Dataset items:
━━━━━━━━

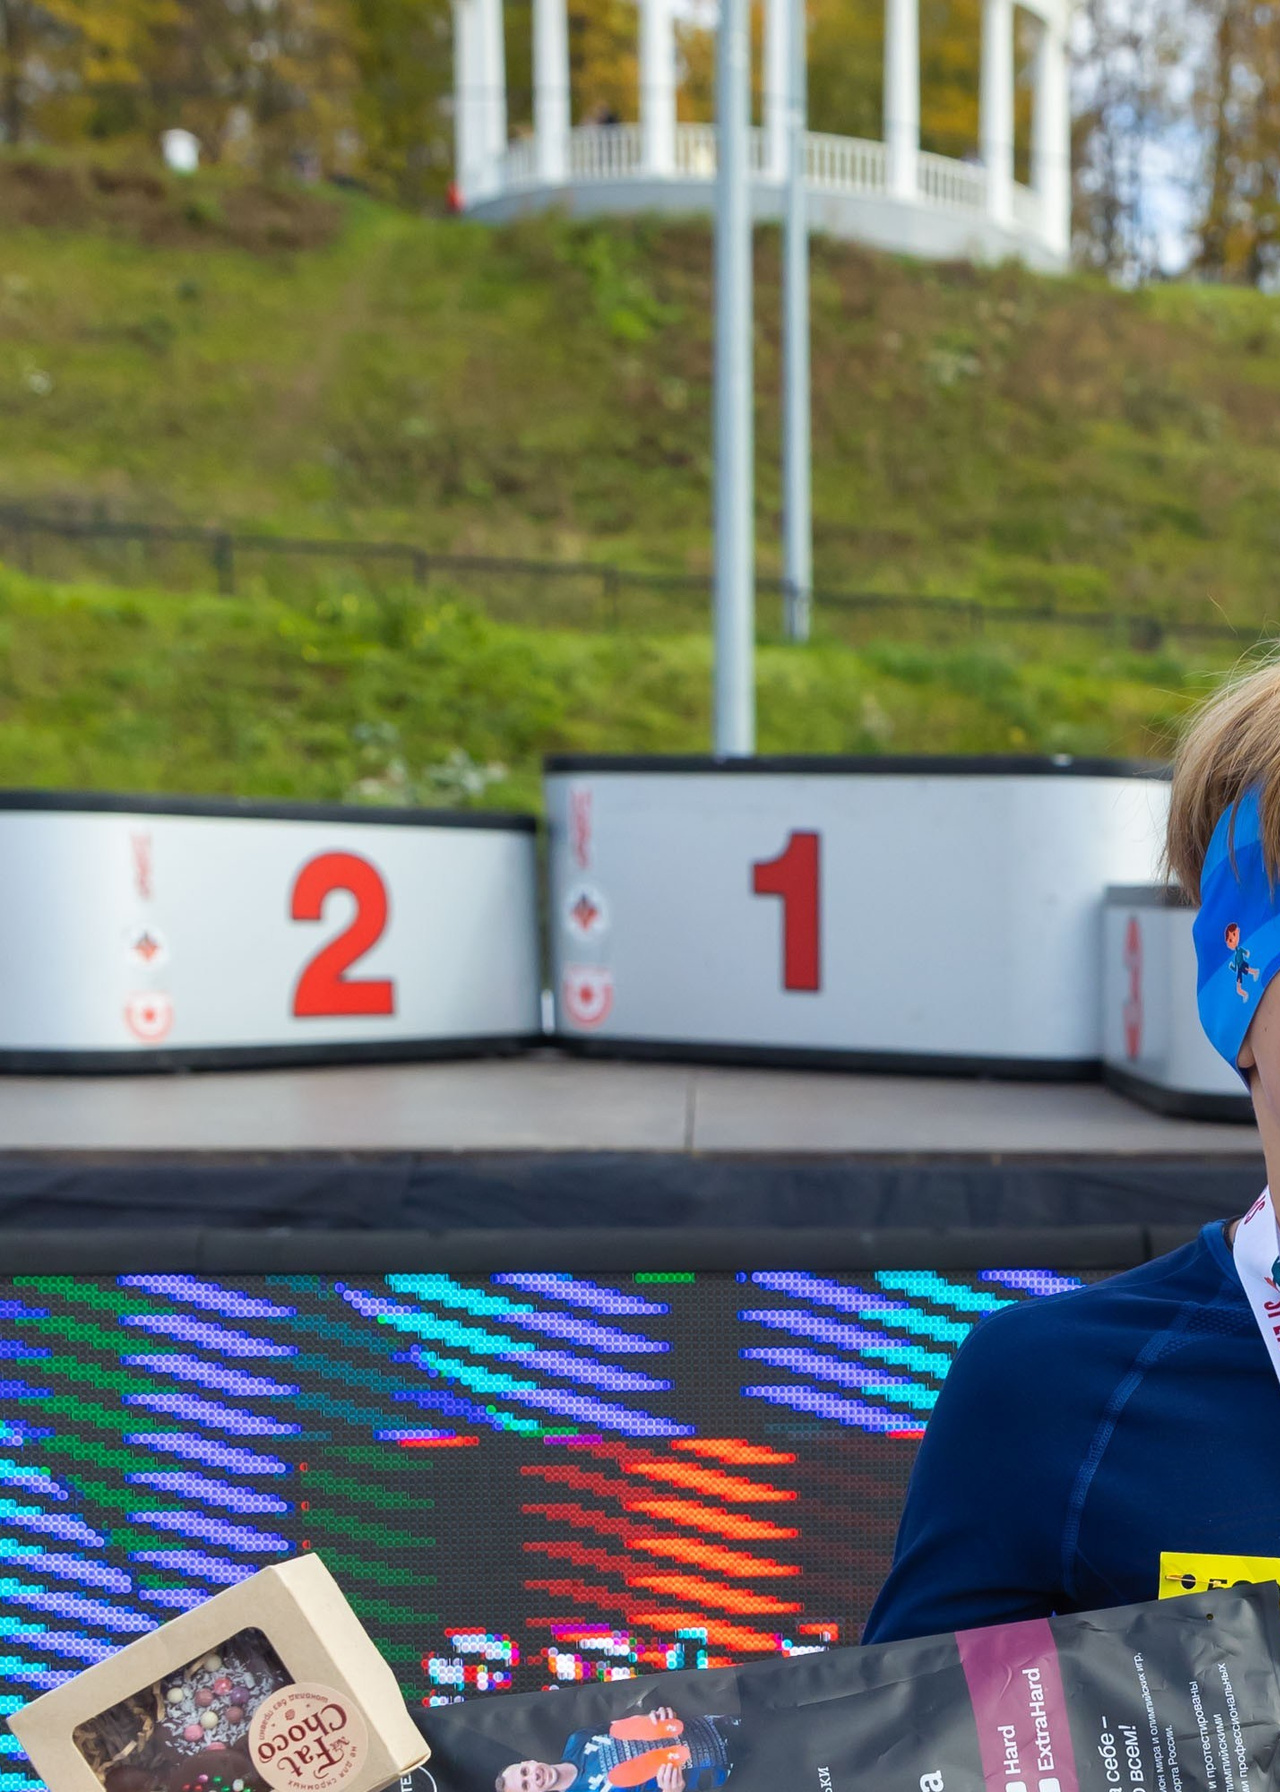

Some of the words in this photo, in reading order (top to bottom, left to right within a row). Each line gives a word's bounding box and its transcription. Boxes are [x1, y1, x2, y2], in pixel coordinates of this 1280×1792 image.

[289, 851, 395, 1017] 2
[751, 829, 822, 992] 1
[258, 1703, 348, 1764] Choco
[1022, 1667, 1054, 1771] ExtraHard
[1138, 1673, 1159, 1735] олимпийских
[1189, 1681, 1217, 1778] протестированы
[1218, 1663, 1248, 1778] профессиональных
[276, 1735, 345, 1780] Fat
[997, 1724, 1021, 1774] Hard
[1098, 1732, 1121, 1782] себе
[1118, 1724, 1144, 1782] всем!
[1153, 1745, 1164, 1773] мира
[1209, 1780, 1218, 1789] и
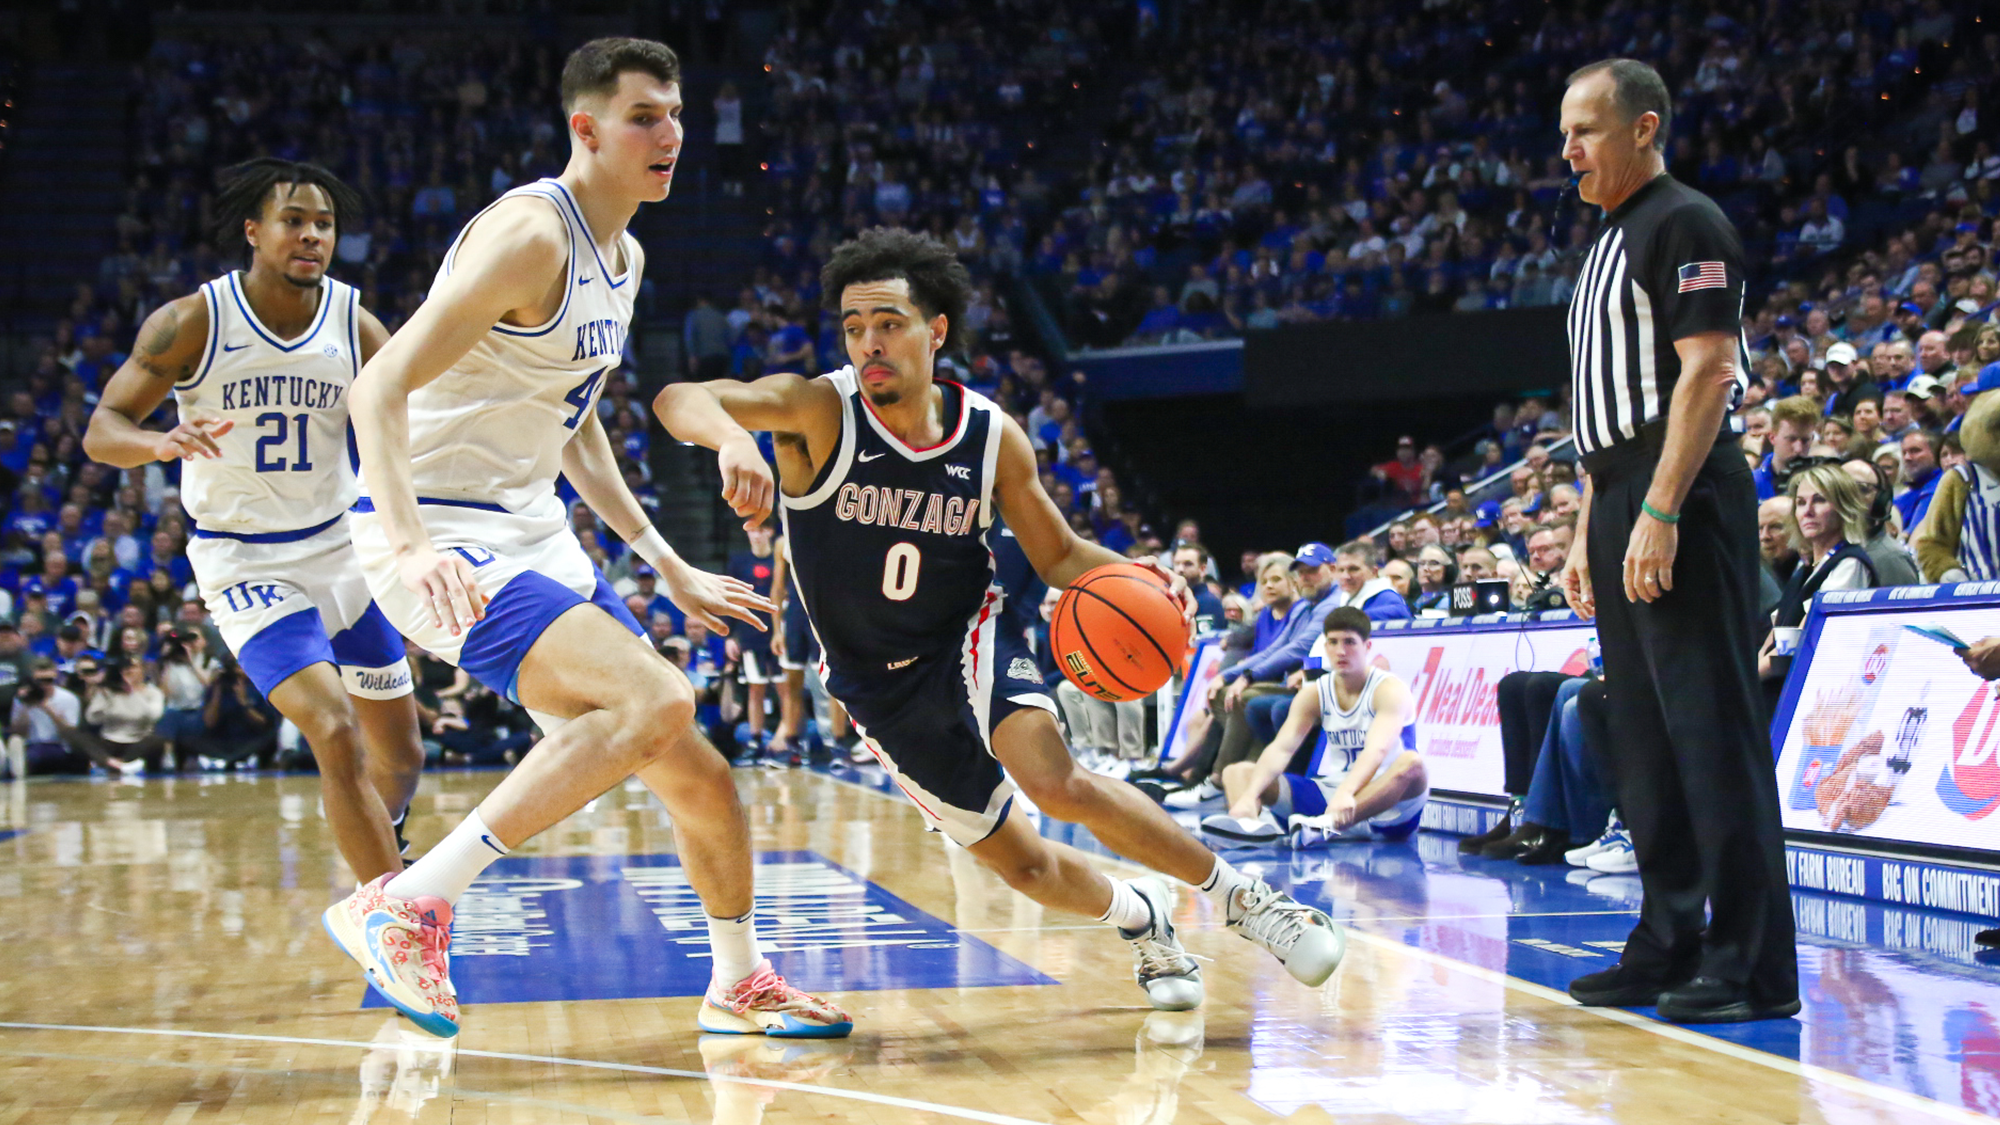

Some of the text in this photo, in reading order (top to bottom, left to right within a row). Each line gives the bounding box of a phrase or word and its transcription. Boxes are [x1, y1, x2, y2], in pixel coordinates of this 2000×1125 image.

[571, 319, 628, 361] KENTU
[223, 376, 343, 410] KENTUCKY
[563, 365, 604, 430] 4
[256, 412, 312, 472] 21
[945, 464, 971, 480] WCC
[835, 483, 980, 536] GONZAGA
[882, 541, 921, 601] 0
[222, 581, 284, 612] UK
[356, 671, 410, 691] Wildcat
[1798, 851, 1825, 890] FARM
[1826, 855, 1866, 896] BUREAU
[1882, 862, 2000, 918] BIG ON COMMITMENT
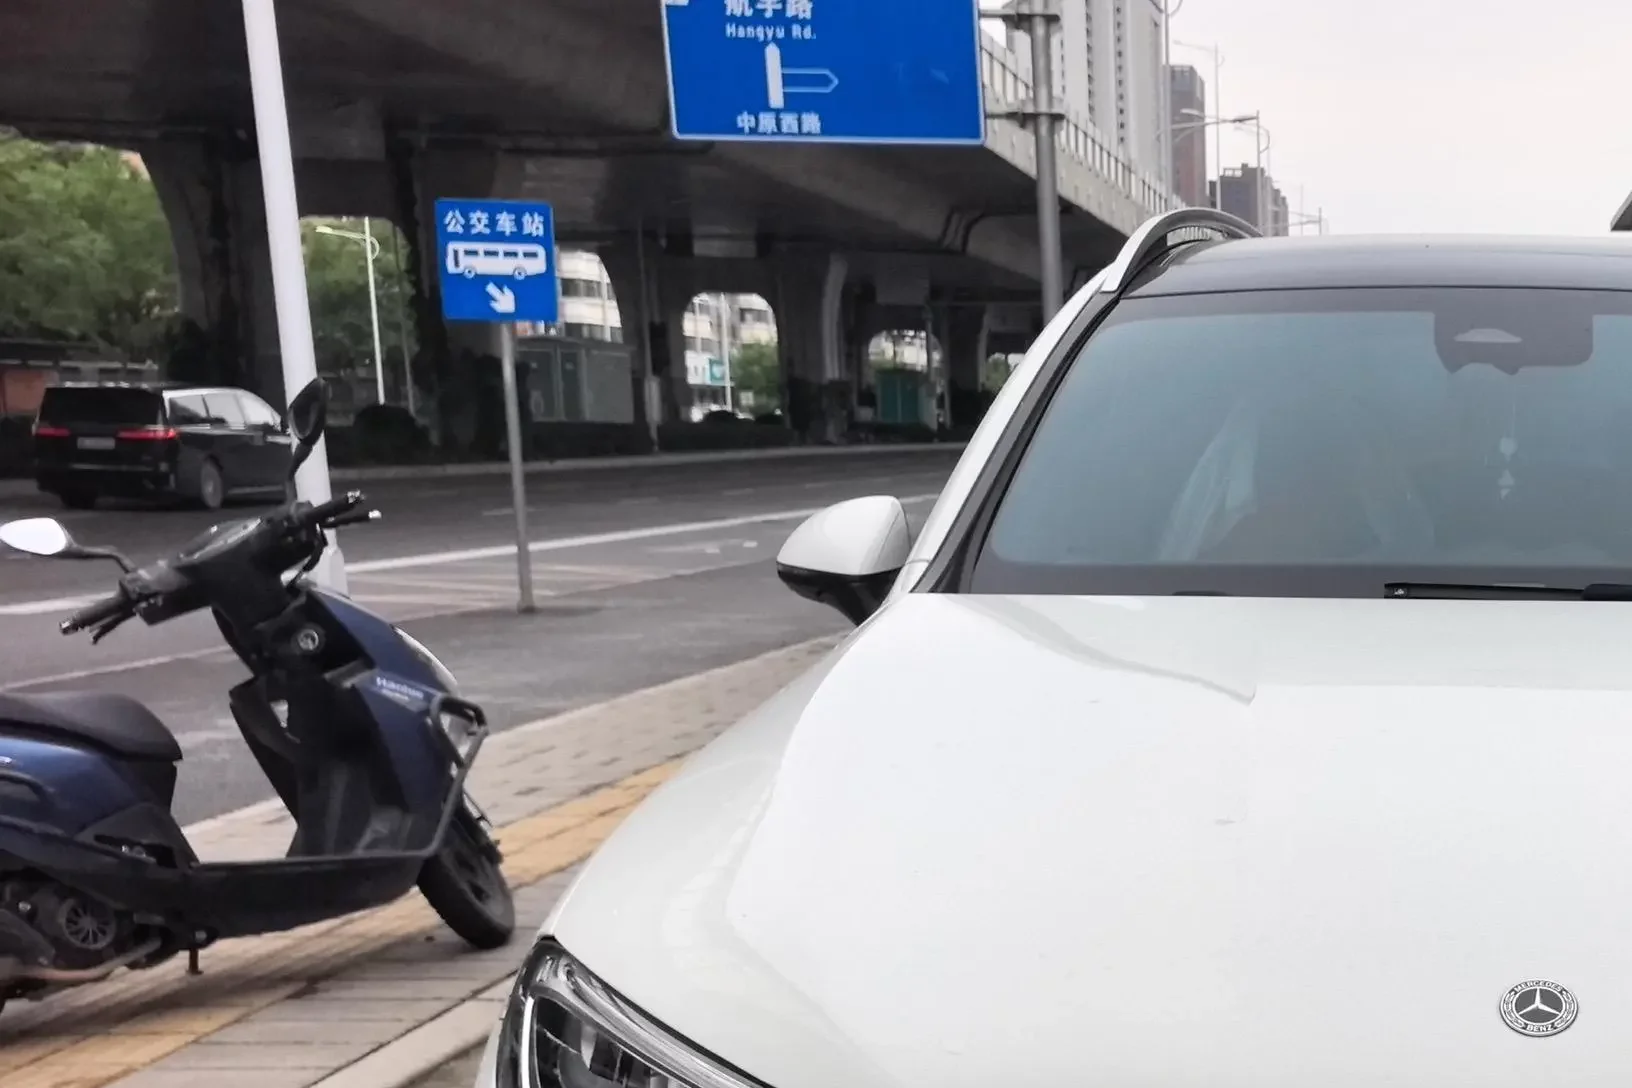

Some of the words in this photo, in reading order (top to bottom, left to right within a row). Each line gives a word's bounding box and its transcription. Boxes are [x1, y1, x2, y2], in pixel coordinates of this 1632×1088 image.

[725, 22, 785, 42] Hangyu
[791, 23, 817, 40] Rd.
[737, 111, 821, 135] 中原西路
[443, 208, 545, 237] 公交车站
[1526, 1024, 1554, 1032] BENZ

━━━━━━━━

- _Exercise directions_
What's needed is every line above, retyped exactly and free of pictures.

- _Exercise output_
Some of the words in this photo, in reading order (top to bottom, left to right within a row). Each line gives a word's bounding box and its transcription. Boxes are [x1, y1, x2, y2], in pixel coordinates of this 1280×1792 image.

[289, 851, 395, 1017] 2
[751, 829, 822, 992] 1
[258, 1703, 348, 1764] Choco
[1022, 1667, 1054, 1771] ExtraHard
[1138, 1673, 1159, 1735] олимпийских
[1189, 1681, 1217, 1778] протестированы
[1218, 1663, 1248, 1778] профессиональных
[276, 1735, 345, 1780] Fat
[997, 1724, 1021, 1774] Hard
[1098, 1732, 1121, 1782] себе
[1118, 1724, 1144, 1782] всем!
[1153, 1745, 1164, 1773] мира
[1209, 1780, 1218, 1789] и

Some of the text in this photo, in reading order (top to bottom, left to right within a row). Each line gives the bounding box of a phrase or word and its transcription. Boxes are [x1, y1, x2, y2], in pixel coordinates of this 2000×1125 image.

[571, 319, 628, 361] KENTU
[223, 376, 343, 410] KENTUCKY
[563, 365, 604, 430] 4
[256, 412, 312, 472] 21
[945, 464, 971, 480] WCC
[835, 483, 980, 536] GONZAGA
[882, 541, 921, 601] 0
[222, 581, 284, 612] UK
[356, 671, 410, 691] Wildcat
[1798, 851, 1825, 890] FARM
[1826, 855, 1866, 896] BUREAU
[1882, 862, 2000, 918] BIG ON COMMITMENT

Some of the words in this photo, in reading order (top to bottom, left to right within a row). Each line gives a word's bounding box and its transcription. Boxes are [x1, y1, x2, y2], in pixel coordinates of this 1632×1088 image.

[725, 22, 785, 42] Hangyu
[791, 23, 817, 40] Rd.
[737, 111, 821, 135] 中原西路
[443, 208, 545, 237] 公交车站
[1526, 1024, 1554, 1032] BENZ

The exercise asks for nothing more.